Green As a Bean by Karla Kuskin, illustrated by Melissa Iwai. 

If you were green what would you be?  A bean, a leaf, a blade of grass?  What?  Filled with language that is strong and evocative, this book features illustrations that are equally strong and vibrant.  Again and again the question is asked about what you would be. If you were square?  If you were loud?  If you were small?  What would you be?  The choices listed are just the tip of the iceberg and are varied and interesting enough to get children’s own imaginations going. 

This picture book is one that creates discussion when it is being read.  If you read it to a group, be prepared to hear all sorts of ideas and thoughts spontaneously shared.  I would encourage using it with an art project where kids could use the different colors and shapes and qualities in the book to create a picture of what they would be. 

Terrible Storm

Terrible Storm by Carol Otis Hurst, illustrated by S. D. Schindler.

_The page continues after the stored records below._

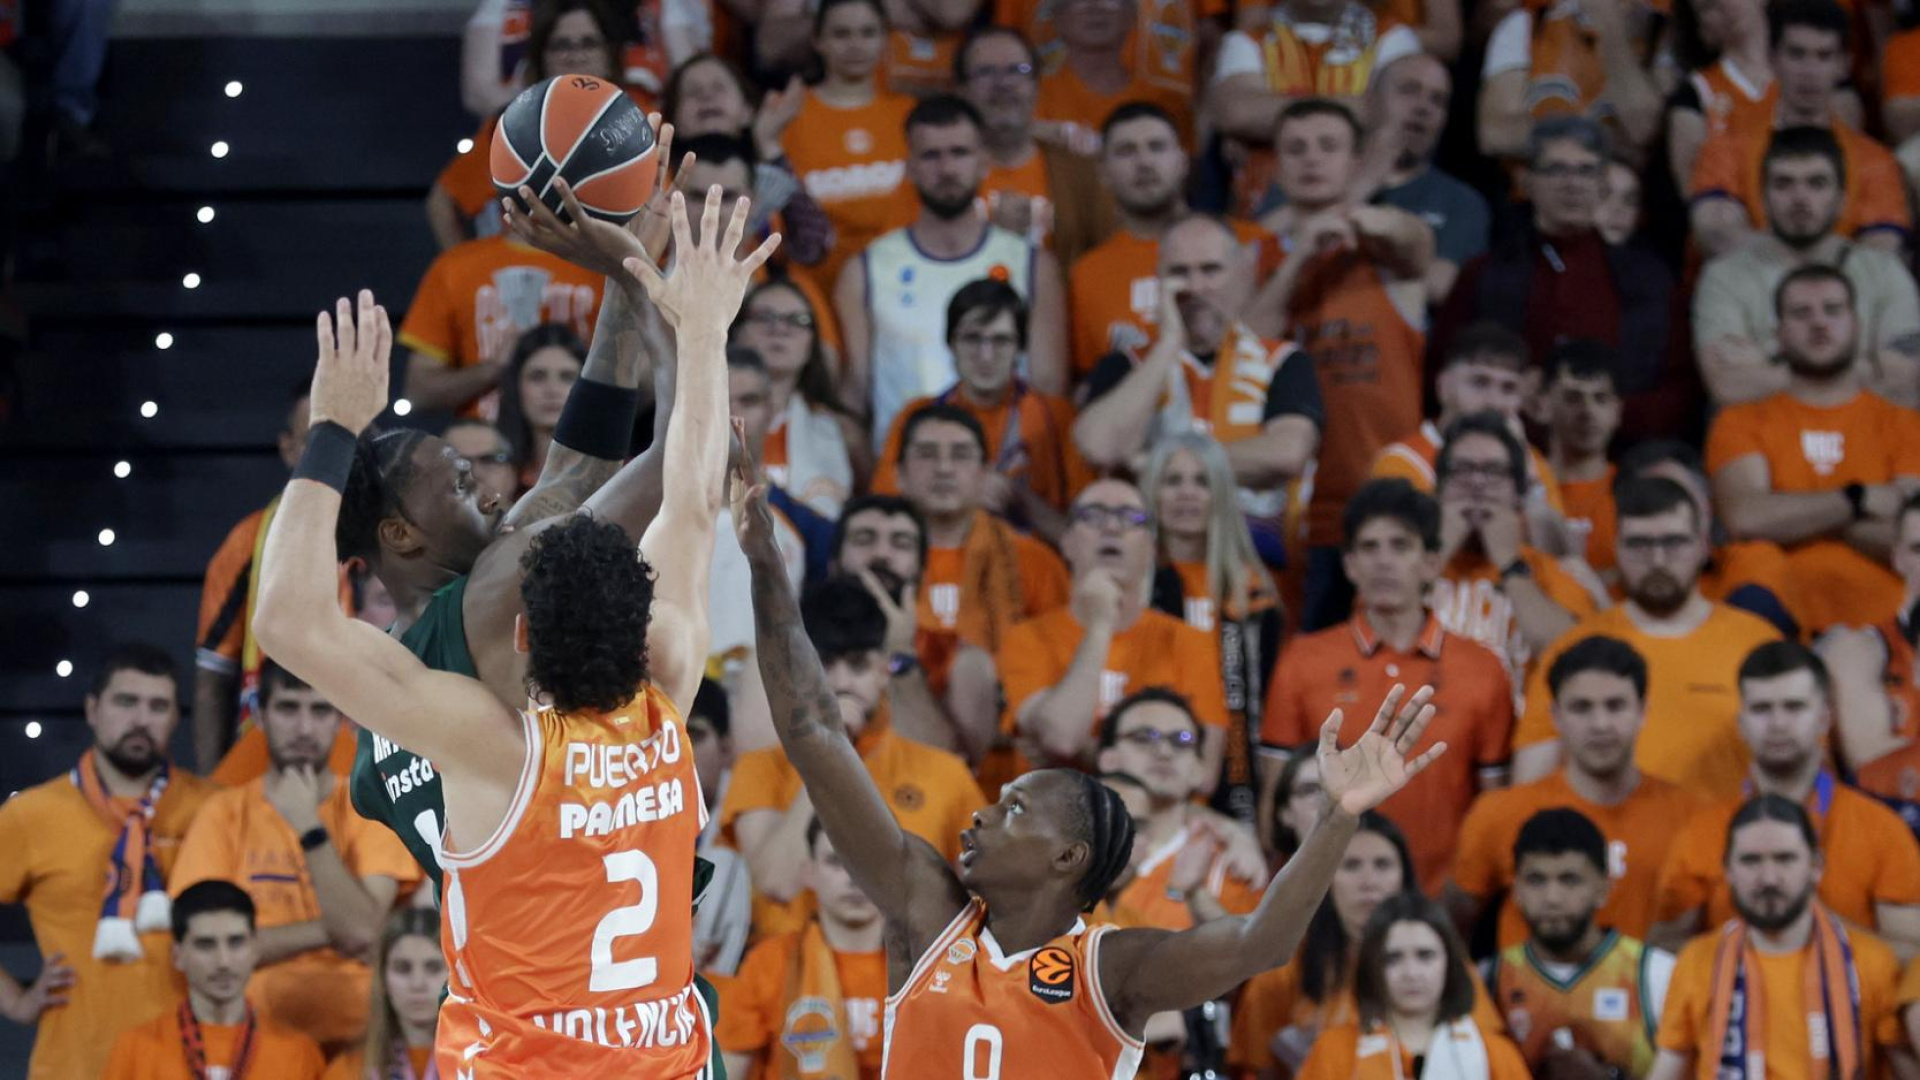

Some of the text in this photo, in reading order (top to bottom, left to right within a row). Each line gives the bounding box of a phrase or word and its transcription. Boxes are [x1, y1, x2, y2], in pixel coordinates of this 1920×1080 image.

[565, 719, 680, 788] PUERTO
[560, 777, 683, 838] PAMESA
[589, 848, 659, 992] 2
[963, 1023, 1003, 1080] 0
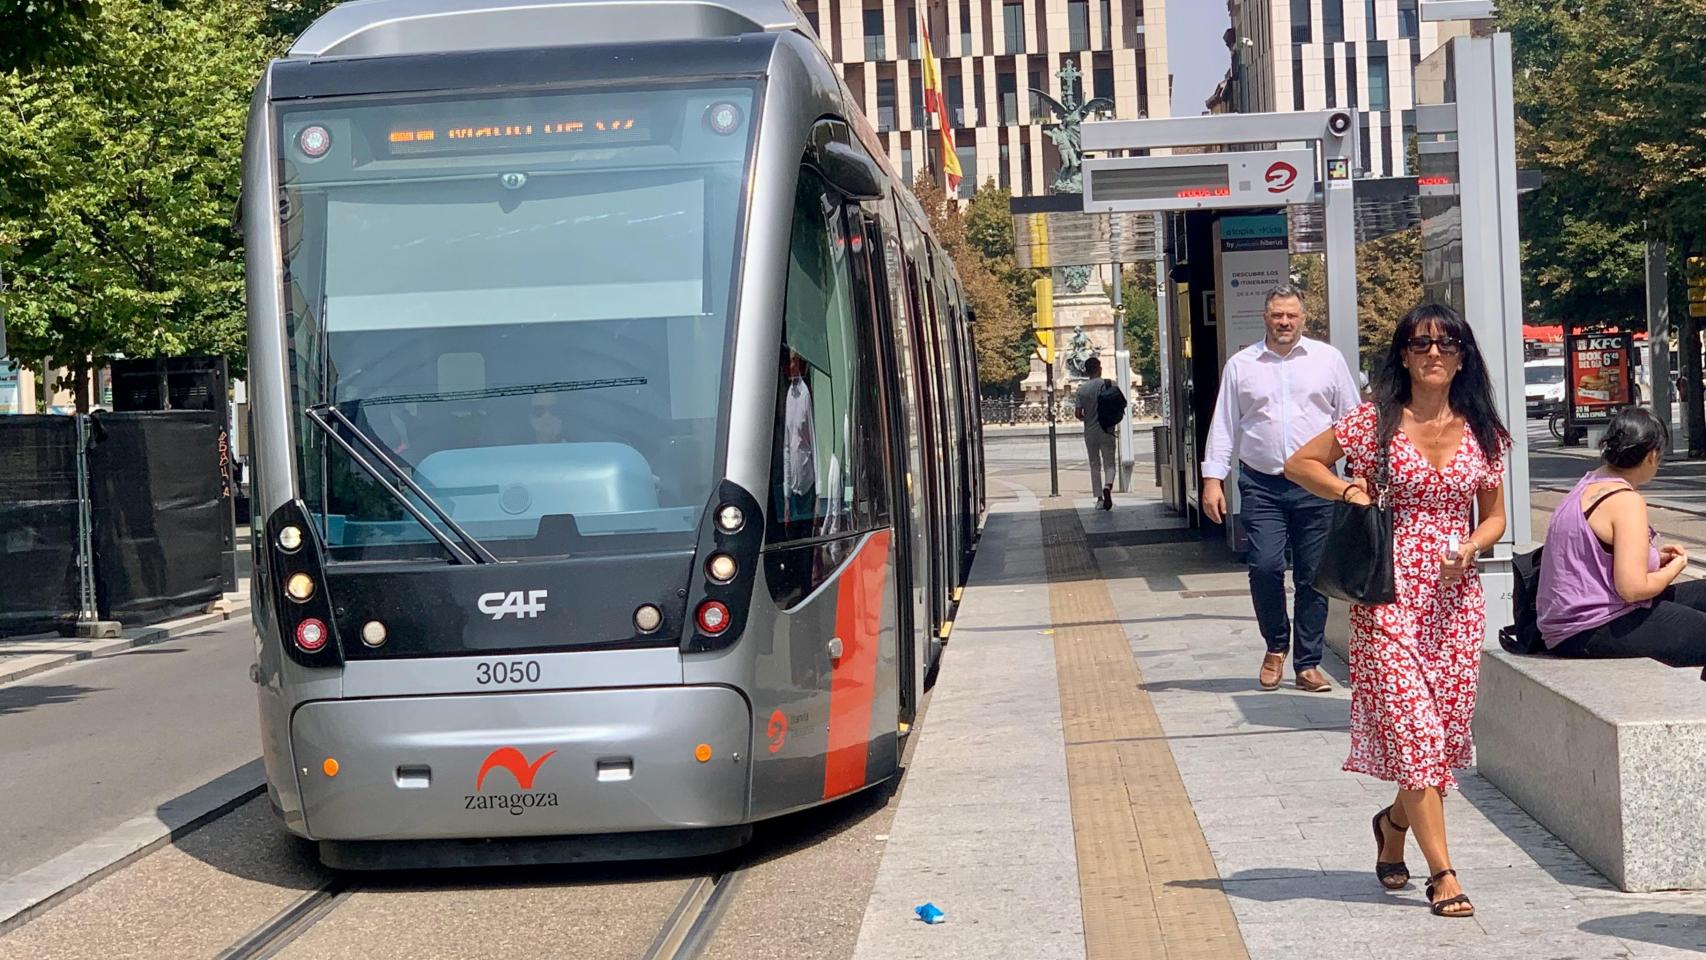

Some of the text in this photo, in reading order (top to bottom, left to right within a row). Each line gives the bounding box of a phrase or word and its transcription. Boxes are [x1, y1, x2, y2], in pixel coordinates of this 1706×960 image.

[1226, 241, 1234, 249] by
[1240, 278, 1279, 286] ITINERARIOS
[1589, 338, 1622, 350] KFC
[1578, 351, 1602, 361] BOX
[1578, 361, 1591, 369] DEL
[478, 589, 548, 620] CAF
[476, 660, 541, 684] 3050
[465, 792, 558, 816] zaragoza
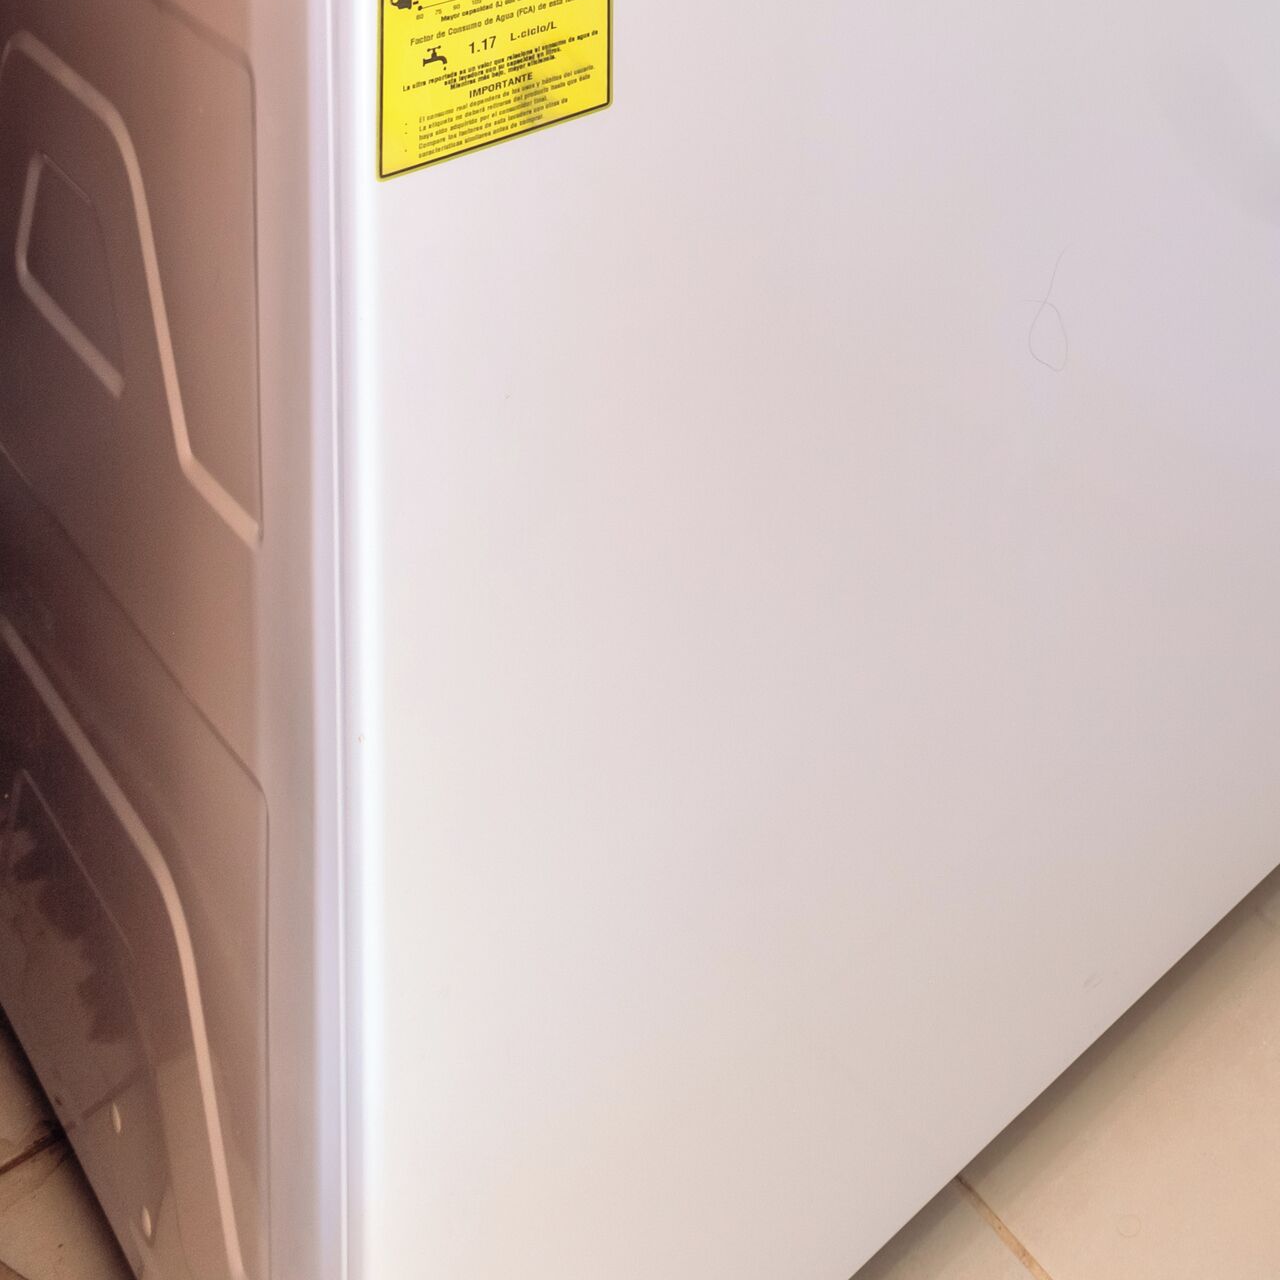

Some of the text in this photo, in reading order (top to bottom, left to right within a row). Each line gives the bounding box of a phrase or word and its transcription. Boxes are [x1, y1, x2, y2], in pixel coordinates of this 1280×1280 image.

[410, 32, 433, 46] Factor
[436, 29, 445, 38] de
[448, 19, 481, 35] Consumo
[484, 16, 493, 25] de
[495, 10, 513, 24] Agua
[516, 4, 535, 17] (FCA)
[537, 1, 546, 10] de
[468, 35, 496, 55] 1.17
[469, 71, 533, 98] IMPORTANTE
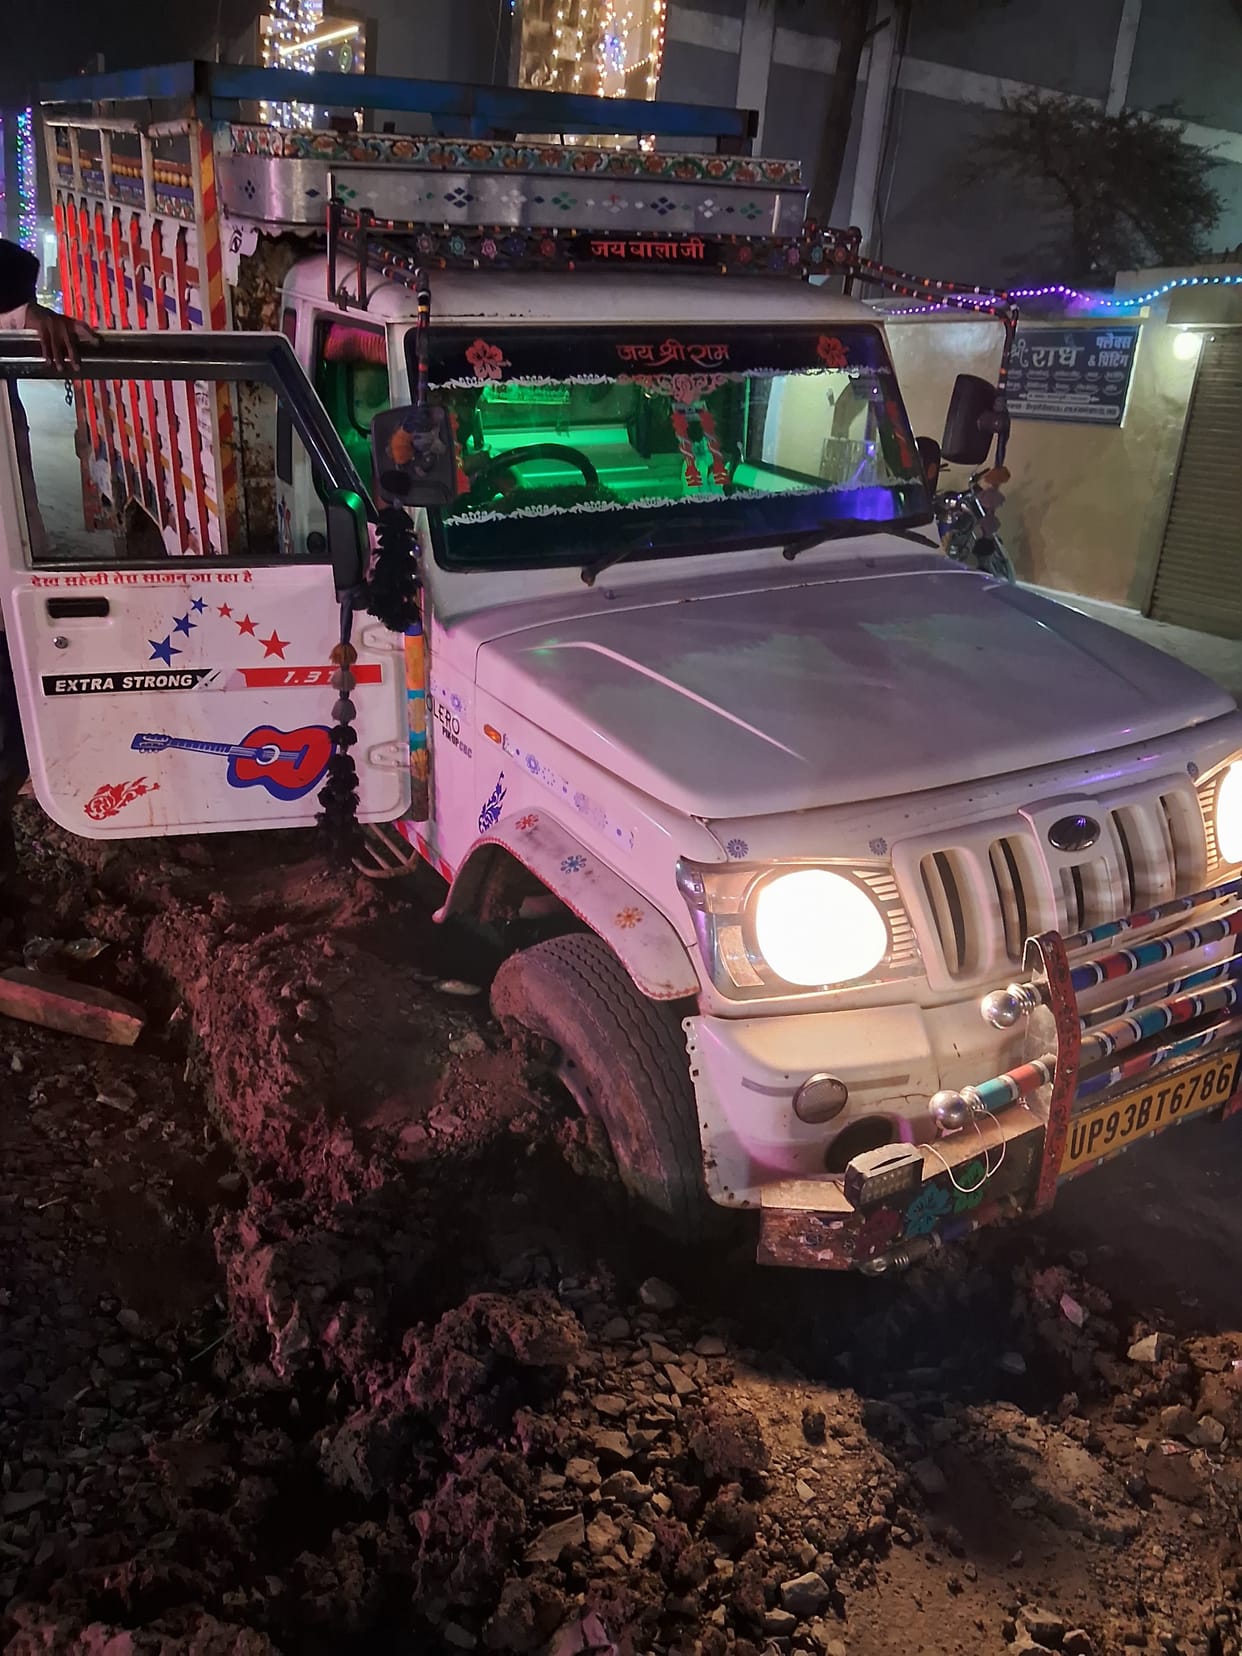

This is the story of two of Carol Otis Hurst’s grandfathers who grew up near one anther and were friends since boyhood.  They couldn’t have been more different.  Walt is outgoing and happiest when in a crowd while Fred is quiet and enjoys being home alone working on projects.  Then a blizzard hits and Walt finds himself alone in a barn with only cats and farm animals for company while Fred is stuck in an inn filled with all sorts of people.  Both of them are horrified by where they are trapped.  Even as old men they still reminisce about the terrible storm.

I so enjoyed this book with its old-fashioned feel and great quiet sense of humor that is present in every picture.  The use of almost comic-like panels really emphasizes the juxtaposition of the two men and their discomfort with their predicament. 

Add this to your snowy story times, especially if you are sharing stories with kindergarteners or older.  They will appreciate it more than preschoolers. 

Silly Billy

Silly Billy by Anthony Browne.

Anthony Browne is one of my favorite picture book authors.  He has a wonderfully skewed perspective and his art is unique and great fun. 

With Silly Billy, Browne introduces Billy who is a bit of a worrier.  He worries about everything while trying to fall asleep.  And I mean everything from hats to shoes to giant birds.  Even though his father and mother try to reassure him, it doesn’t work.  Then when he is staying over at his grandmother’s house, she gives him some worry dolls.  And they work at least for a little while, until Billy begins to worry about the dolls being worried.  In the end, Billy solves that problem and moves on with a lot fewer worries.

The text and illustrations work well together, as they always do in Browne’s books.  His deep colors work especially well when contrasted with the almost colorless worry pages.  The blissful pictures of Billy fast asleep are perfection. 

So many kids carry worries around with them and this gives a creative solution to dealing with those overwhelming worries.  Pair it with Wemberly Worried by Kevin Henkes, and you have the start of a bibliotherapy session.  Just kidding!  But they do make a nice pairing.

ATN Reading Lists

I have found an incredible resource for reading lists for kids that feature lists by genre, read alikes, recommended read alouds for all ages, themed lists, and much much more. atn-reading-lists simply rocks! They are now a wiki, so that everyone can help contribute to and update the reading lists. This is definitely a place to have bookmarked if you are creating your own lists for your library. What a resource!